EXPERT REACTION: Hurricane Florence
Organisation/s: Australian Science Media Centre
These comments have been collated by the Science Media Centre to provide a variety of expert perspectives on this issue. Feel free to use these quotes in your stories. Views expressed are the personal opinions of the experts named. They do not represent the views of the SMC or any other organisation unless specifically stated.
Based on guidance here at NCAR - National Centre for Atmospheric Research - (and elsewhere) models are in agreement for landfall on NC/SC coastline. [At the time of this comment] Florence is a US Category 2 storm (110 mph, 177 km/h). This part of the US coast does not see frequent hurricane landfall.
Emergency managers have called for evacuations in most coastal areas of North Carolina and northern South Carolina.
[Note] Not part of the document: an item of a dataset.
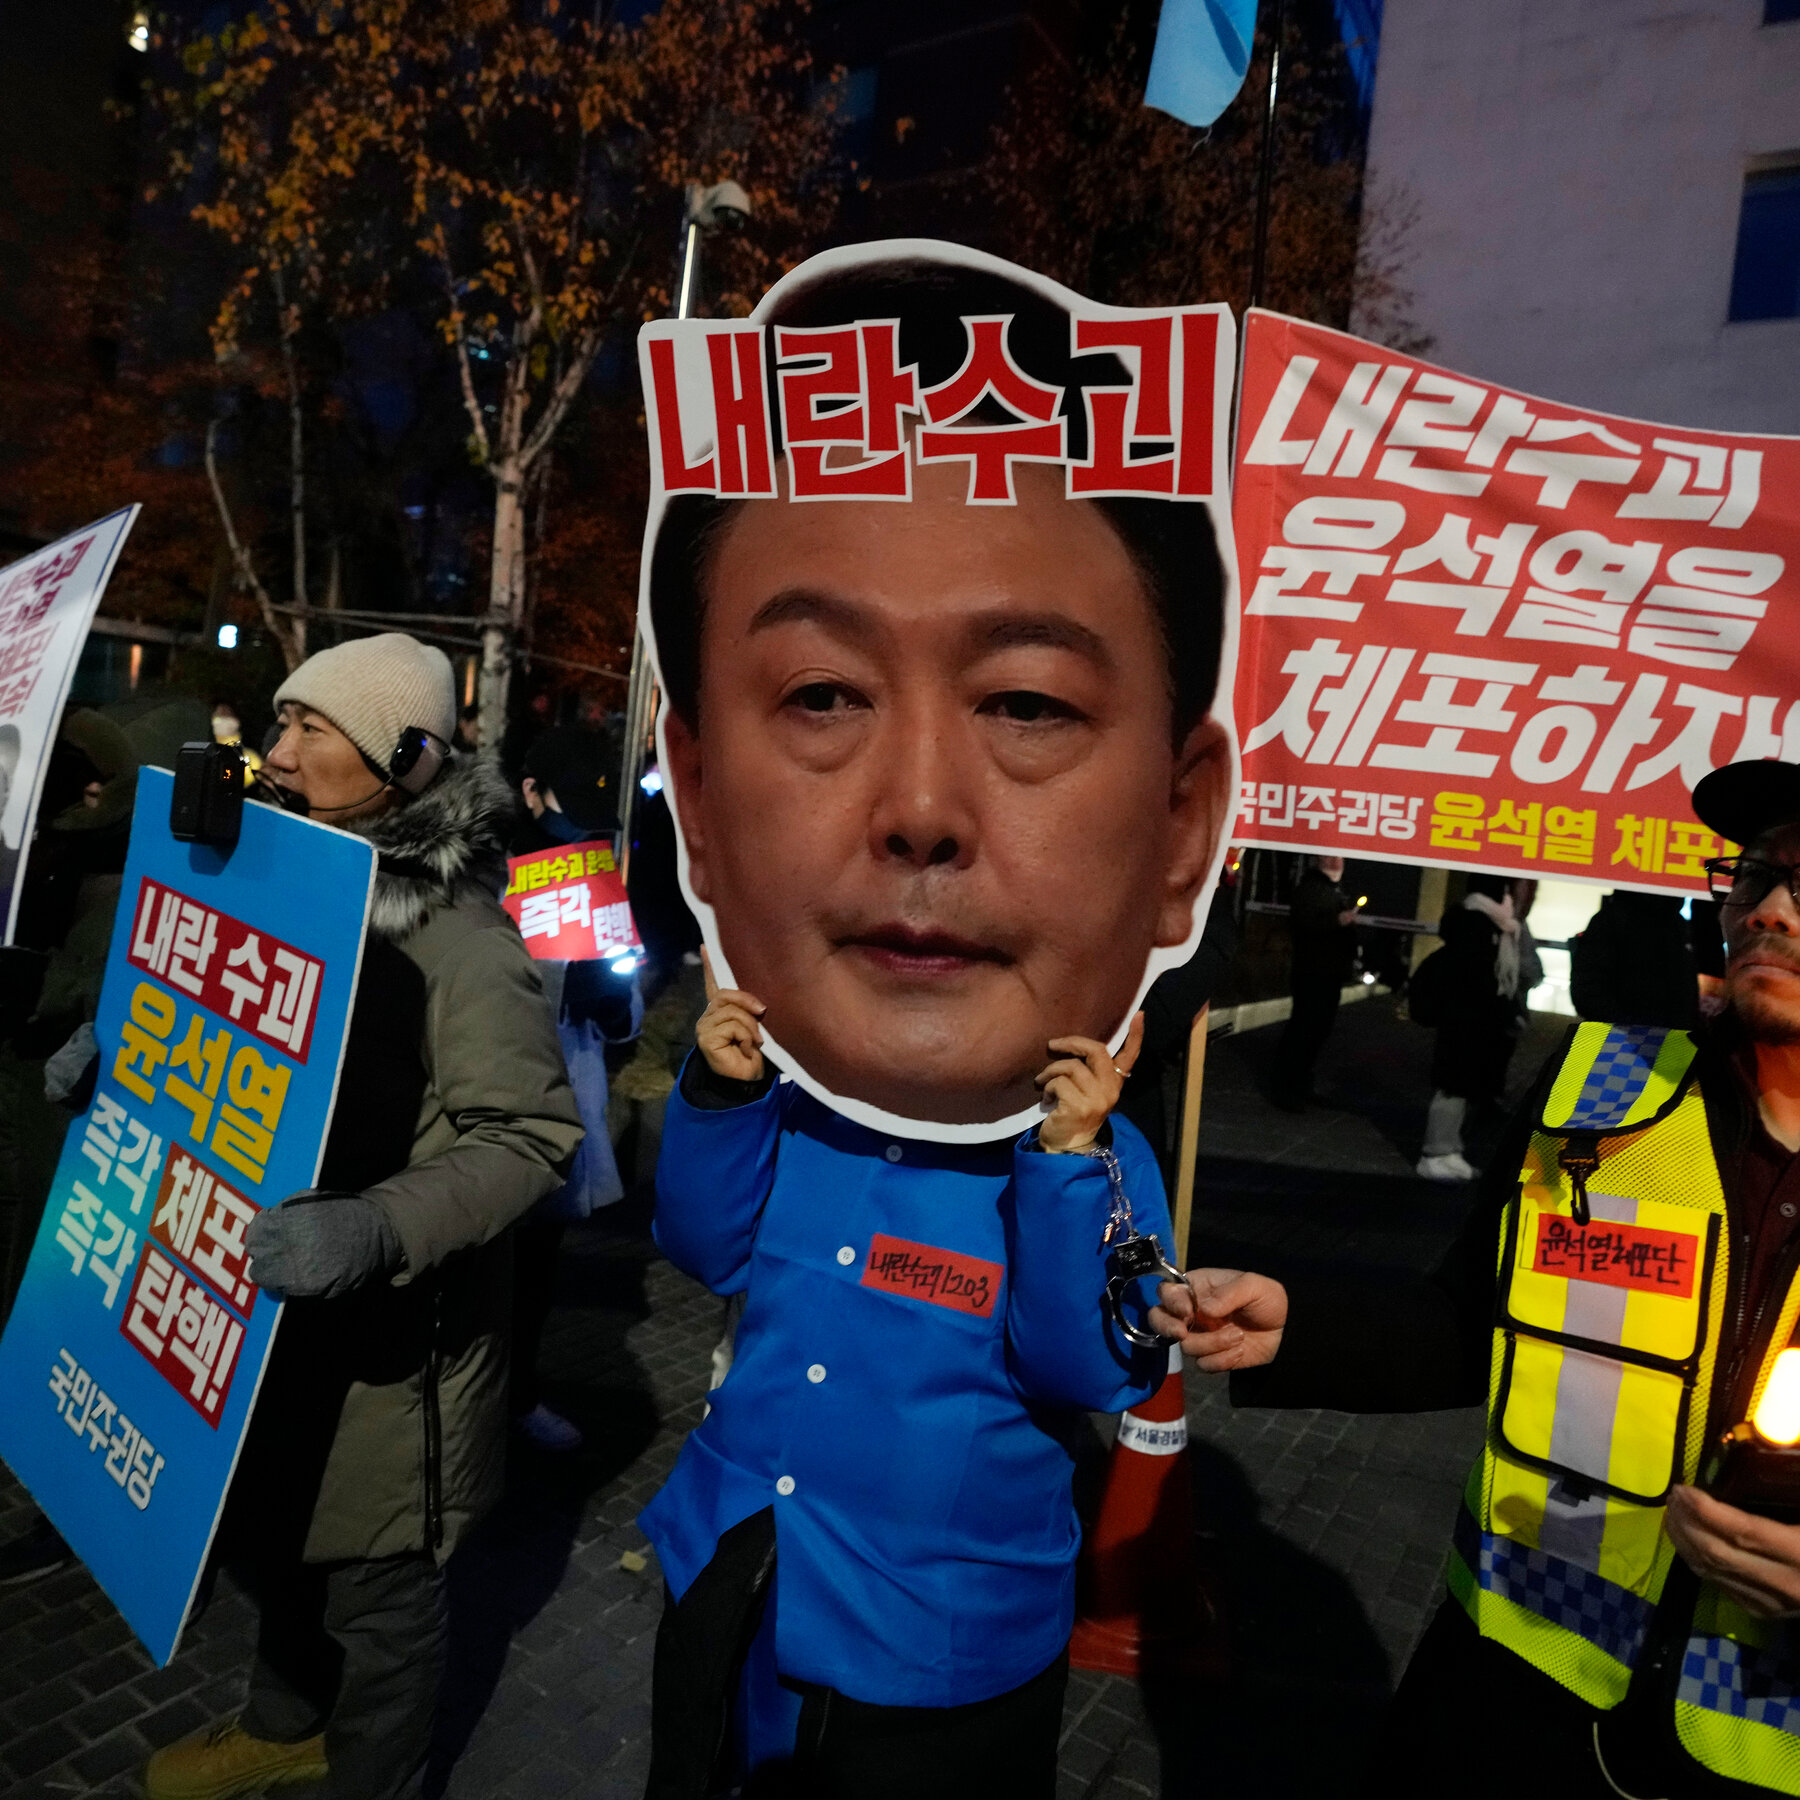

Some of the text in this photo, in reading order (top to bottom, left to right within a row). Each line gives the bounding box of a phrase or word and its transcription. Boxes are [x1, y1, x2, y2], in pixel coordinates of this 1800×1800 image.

Aside from differences in design wind-speed, I suspect the housing and infrastructure this far north will not be as well-equipped (construction quality, etc.) as the Florida/Texas coastlines. Regarding construction styles, there are some similarities between typical housing in this area (timber-frame, elevated on piers) of the coast and “Queenslander-type” construction.
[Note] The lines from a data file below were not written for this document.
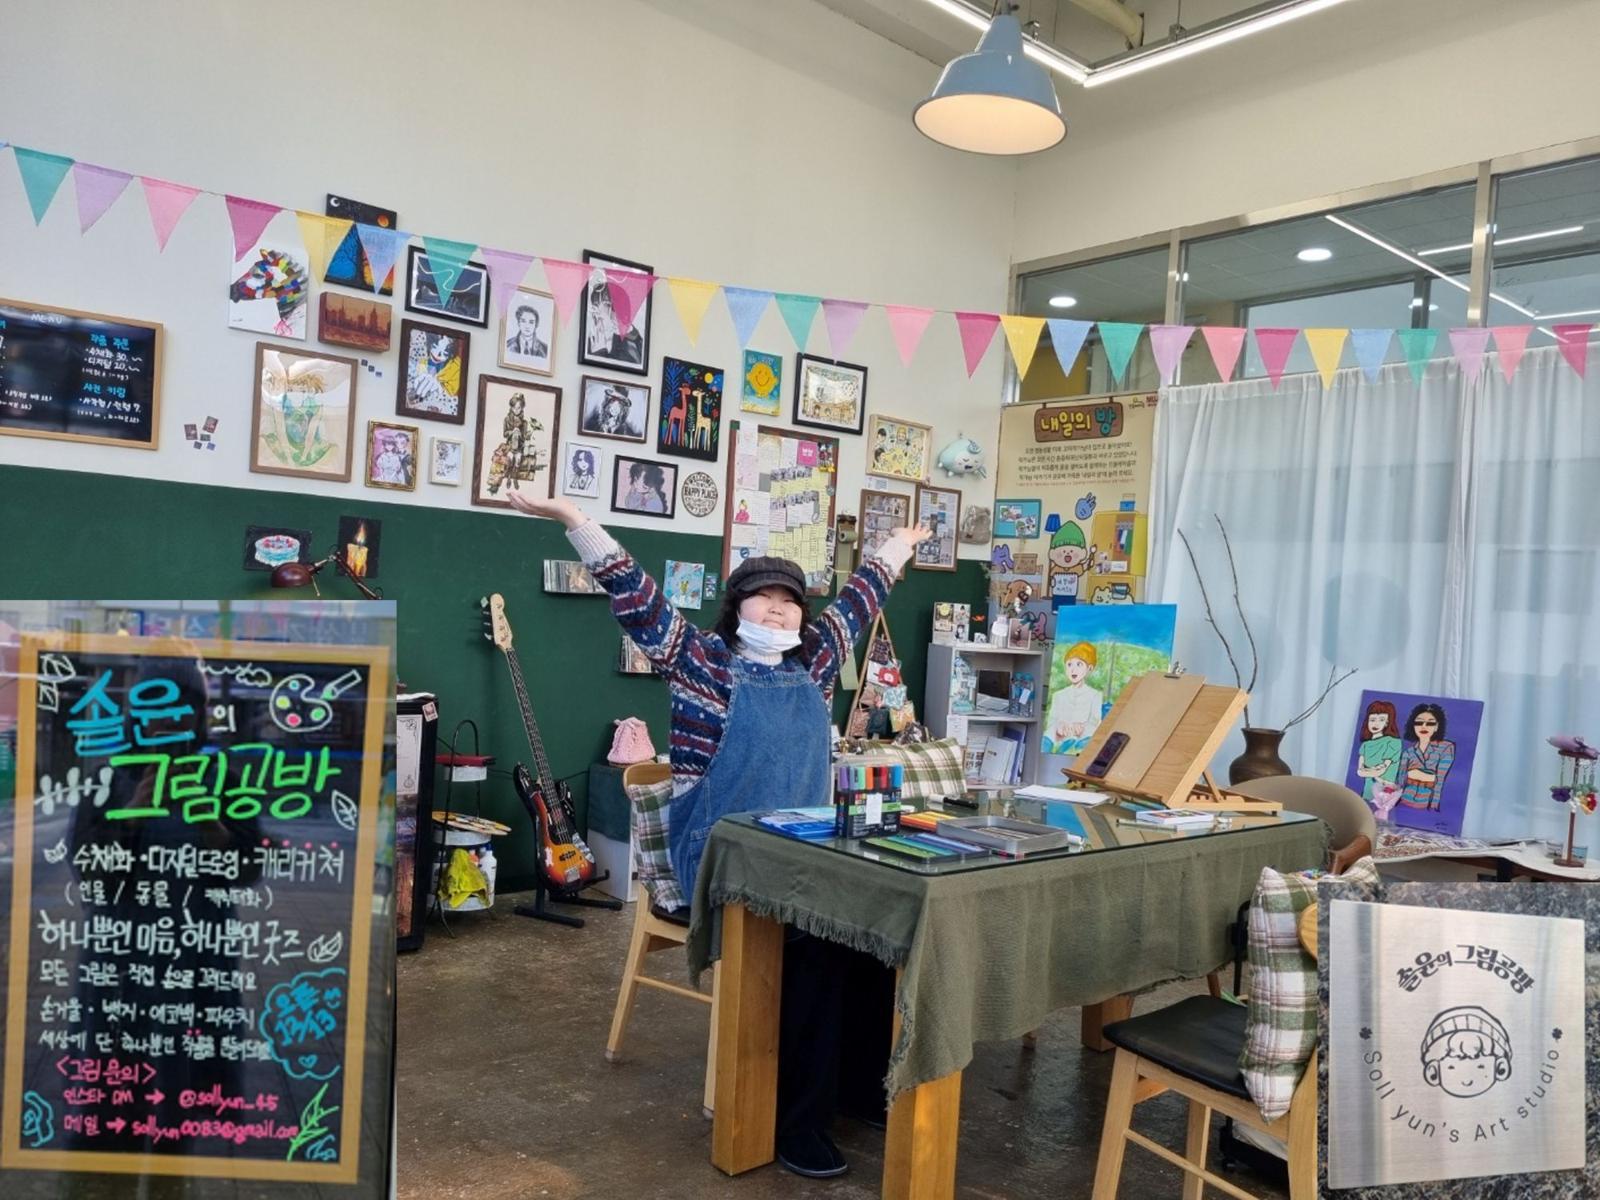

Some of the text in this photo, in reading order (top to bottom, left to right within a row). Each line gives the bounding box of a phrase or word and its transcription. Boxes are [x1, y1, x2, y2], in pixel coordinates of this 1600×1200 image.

[1041, 406, 1117, 437] 내일의 방
[105, 743, 342, 824] 그림공방
[37, 909, 132, 951] 하나뿐인
[262, 920, 304, 966] 굿즈
[40, 959, 69, 987] 모든
[78, 961, 119, 987] 그림은
[128, 963, 155, 988] 직접
[1396, 944, 1535, 994] 솔윤의 그림공방
[40, 994, 82, 1023] 손거울
[204, 1005, 255, 1031] 파우치
[39, 1030, 87, 1051] 세상에
[95, 1032, 112, 1053] 단
[120, 1032, 176, 1057] 하나뿐인
[112, 1090, 134, 1105] DM
[1364, 1050, 1560, 1143] Soll yun's Art studio
[64, 1115, 101, 1136] 메일
Newer homes right on the coast are built to 140-150 mph (240 km/h) so Florence will be less than design-level (see attached). However, similar to our NQ situation, there are many older homes not designed to the same strength and therefore at higher risk of severe structural damage.
Unfortunately, the system is expected to stall over the Carolina's coast (due to a high pressure system over mainland US) which means that hurricane-force winds may be present for 1-2 days, increasing potential for fatigue related failures.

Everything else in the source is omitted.